> _What this task involves_: Return the data below unaltered, but strip out the pictures.

> _Source data_:
■ ■ ■ ■ ■
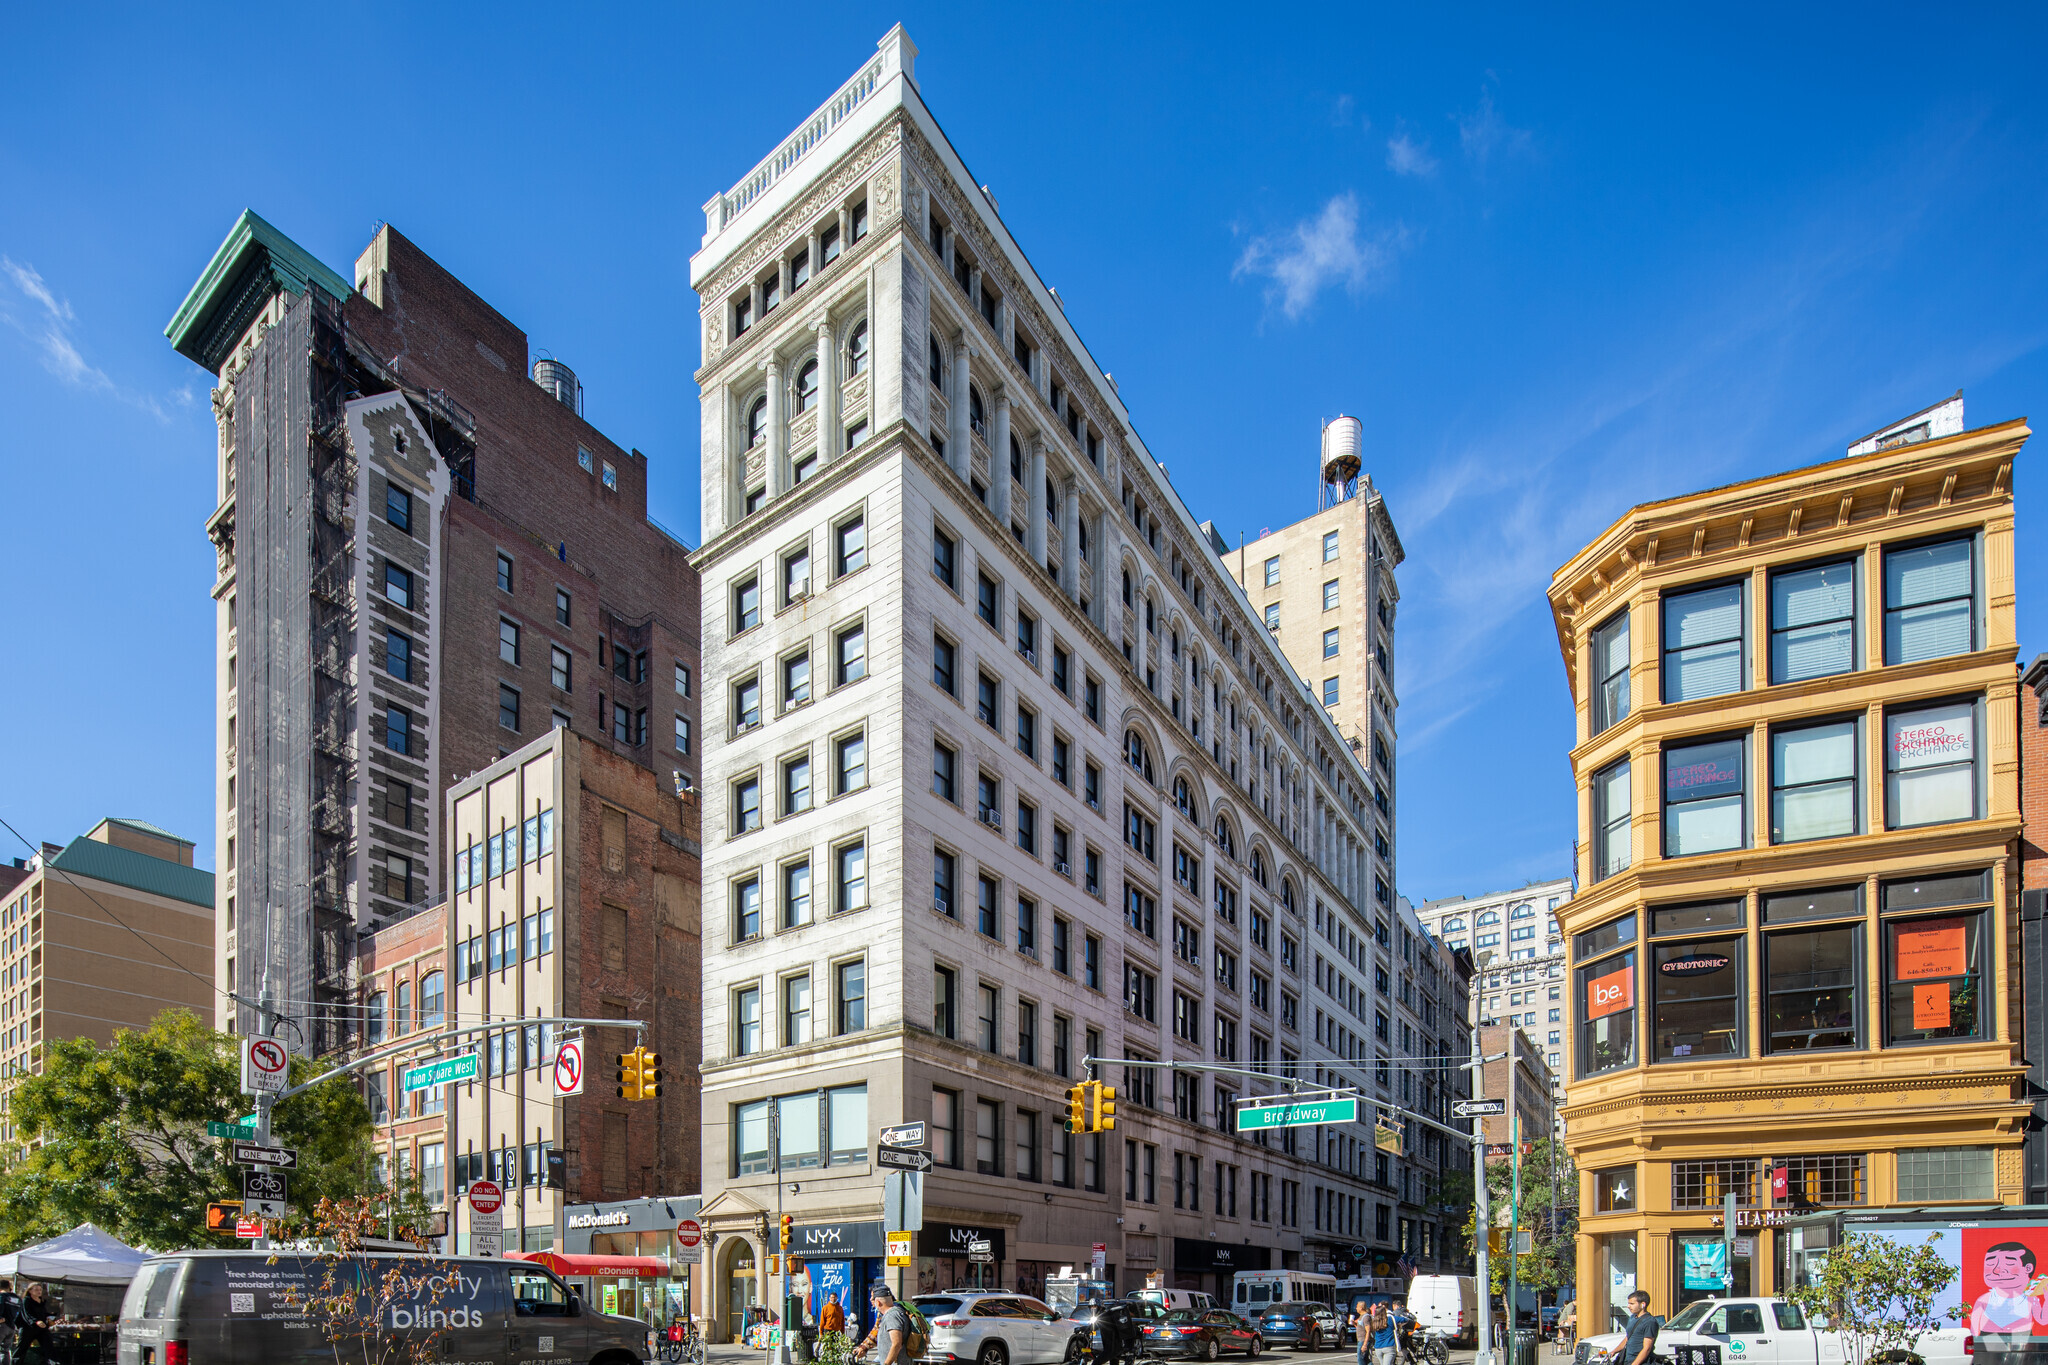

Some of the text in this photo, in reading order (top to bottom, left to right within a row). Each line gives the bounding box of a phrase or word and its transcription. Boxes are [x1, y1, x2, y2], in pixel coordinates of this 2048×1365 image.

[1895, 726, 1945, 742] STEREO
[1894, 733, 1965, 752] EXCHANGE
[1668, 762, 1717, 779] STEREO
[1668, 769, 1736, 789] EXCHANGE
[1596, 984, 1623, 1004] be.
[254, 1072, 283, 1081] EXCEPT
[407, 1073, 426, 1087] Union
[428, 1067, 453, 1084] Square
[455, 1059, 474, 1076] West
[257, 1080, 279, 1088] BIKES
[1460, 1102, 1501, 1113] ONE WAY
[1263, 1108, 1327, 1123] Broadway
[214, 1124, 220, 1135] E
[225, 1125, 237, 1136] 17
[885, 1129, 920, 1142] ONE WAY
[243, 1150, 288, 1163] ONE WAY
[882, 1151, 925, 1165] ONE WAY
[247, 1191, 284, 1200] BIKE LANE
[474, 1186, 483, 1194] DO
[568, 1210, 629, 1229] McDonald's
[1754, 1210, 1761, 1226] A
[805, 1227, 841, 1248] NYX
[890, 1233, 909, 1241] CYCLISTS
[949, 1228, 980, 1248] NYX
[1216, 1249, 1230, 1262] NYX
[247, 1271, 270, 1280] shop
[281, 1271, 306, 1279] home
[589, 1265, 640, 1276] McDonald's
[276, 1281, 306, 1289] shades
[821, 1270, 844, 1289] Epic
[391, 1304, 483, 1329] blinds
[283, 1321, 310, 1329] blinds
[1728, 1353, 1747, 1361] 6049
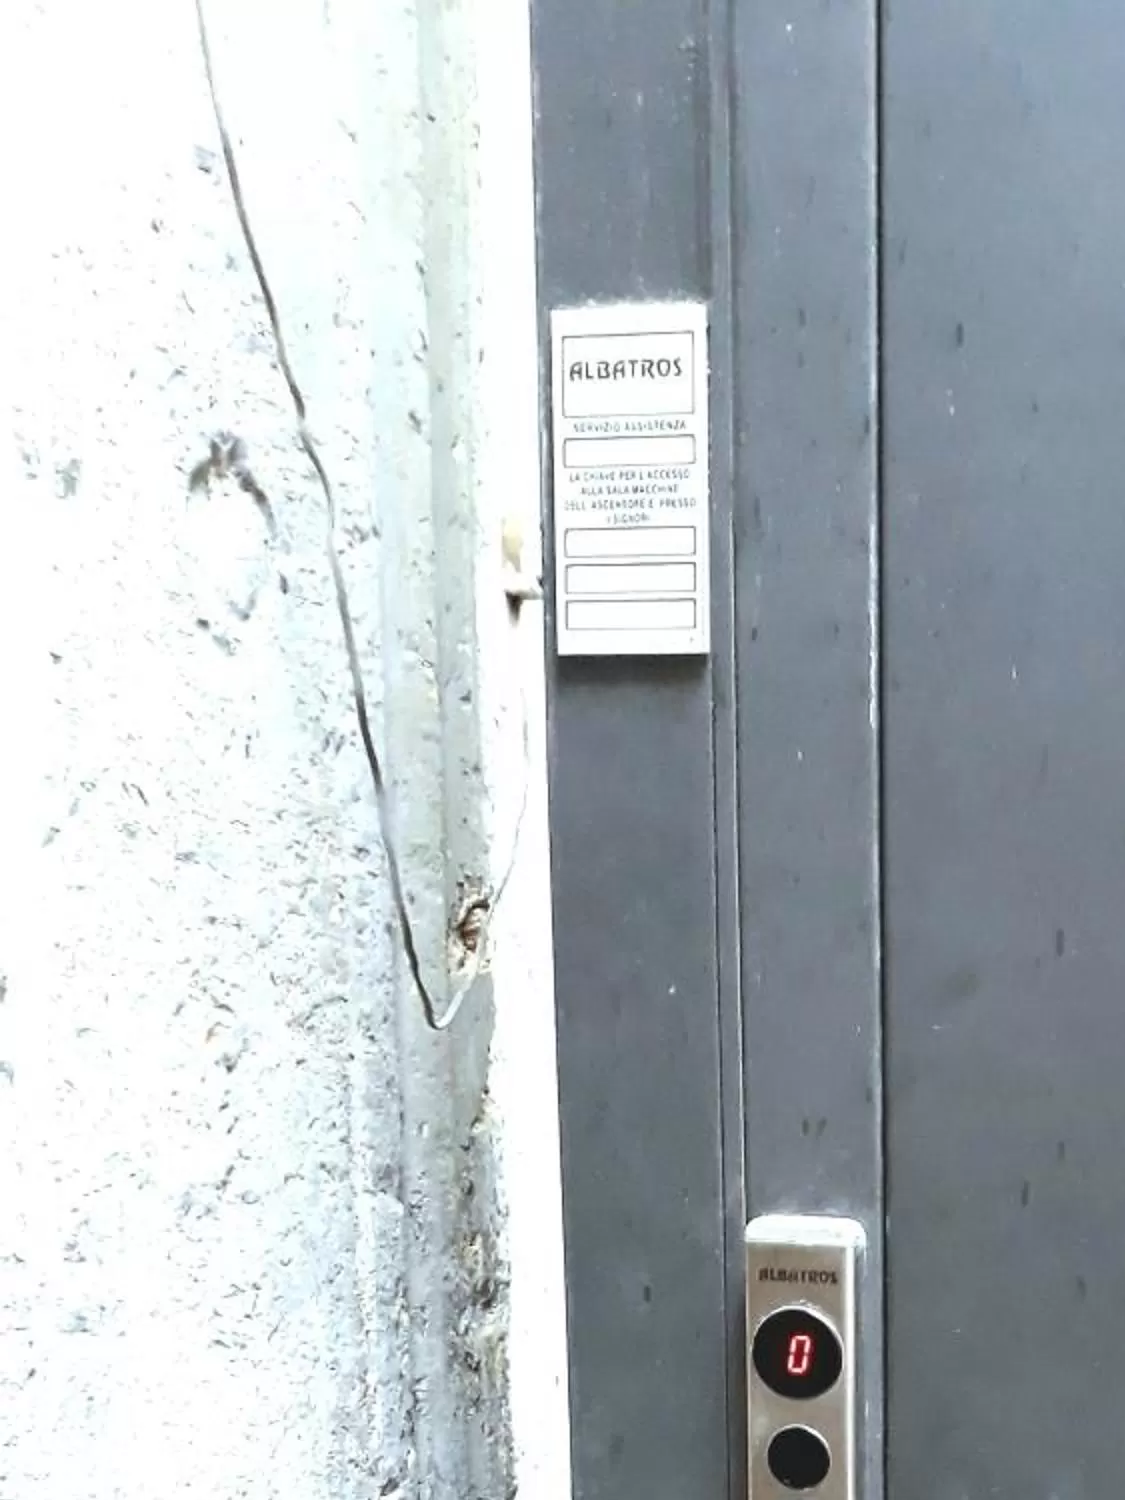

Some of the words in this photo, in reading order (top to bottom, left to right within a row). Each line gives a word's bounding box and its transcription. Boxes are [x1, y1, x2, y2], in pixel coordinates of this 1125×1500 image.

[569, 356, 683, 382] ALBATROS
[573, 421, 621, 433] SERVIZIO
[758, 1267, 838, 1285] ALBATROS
■ ■ ■ ■ ■
> _Finished exercise_:
Some of the text in this photo, in reading order (top to bottom, left to right within a row). Each line gives the bounding box of a phrase or word and its transcription. Boxes are [x1, y1, x2, y2], in pixel coordinates of this 2048×1365 image.

[1895, 726, 1945, 742] STEREO
[1894, 733, 1965, 752] EXCHANGE
[1668, 762, 1717, 779] STEREO
[1668, 769, 1736, 789] EXCHANGE
[1596, 984, 1623, 1004] be.
[254, 1072, 283, 1081] EXCEPT
[407, 1073, 426, 1087] Union
[428, 1067, 453, 1084] Square
[455, 1059, 474, 1076] West
[257, 1080, 279, 1088] BIKES
[1460, 1102, 1501, 1113] ONE WAY
[1263, 1108, 1327, 1123] Broadway
[214, 1124, 220, 1135] E
[225, 1125, 237, 1136] 17
[885, 1129, 920, 1142] ONE WAY
[243, 1150, 288, 1163] ONE WAY
[882, 1151, 925, 1165] ONE WAY
[247, 1191, 284, 1200] BIKE LANE
[474, 1186, 483, 1194] DO
[568, 1210, 629, 1229] McDonald's
[1754, 1210, 1761, 1226] A
[805, 1227, 841, 1248] NYX
[890, 1233, 909, 1241] CYCLISTS
[949, 1228, 980, 1248] NYX
[1216, 1249, 1230, 1262] NYX
[247, 1271, 270, 1280] shop
[281, 1271, 306, 1279] home
[589, 1265, 640, 1276] McDonald's
[276, 1281, 306, 1289] shades
[821, 1270, 844, 1289] Epic
[391, 1304, 483, 1329] blinds
[283, 1321, 310, 1329] blinds
[1728, 1353, 1747, 1361] 6049

Some of the words in this photo, in reading order (top to bottom, left to right within a row). Each line gives a word's bounding box and its transcription. Boxes are [x1, y1, x2, y2], in pixel coordinates of this 1125×1500 image.

[569, 356, 683, 382] ALBATROS
[573, 421, 621, 433] SERVIZIO
[758, 1267, 838, 1285] ALBATROS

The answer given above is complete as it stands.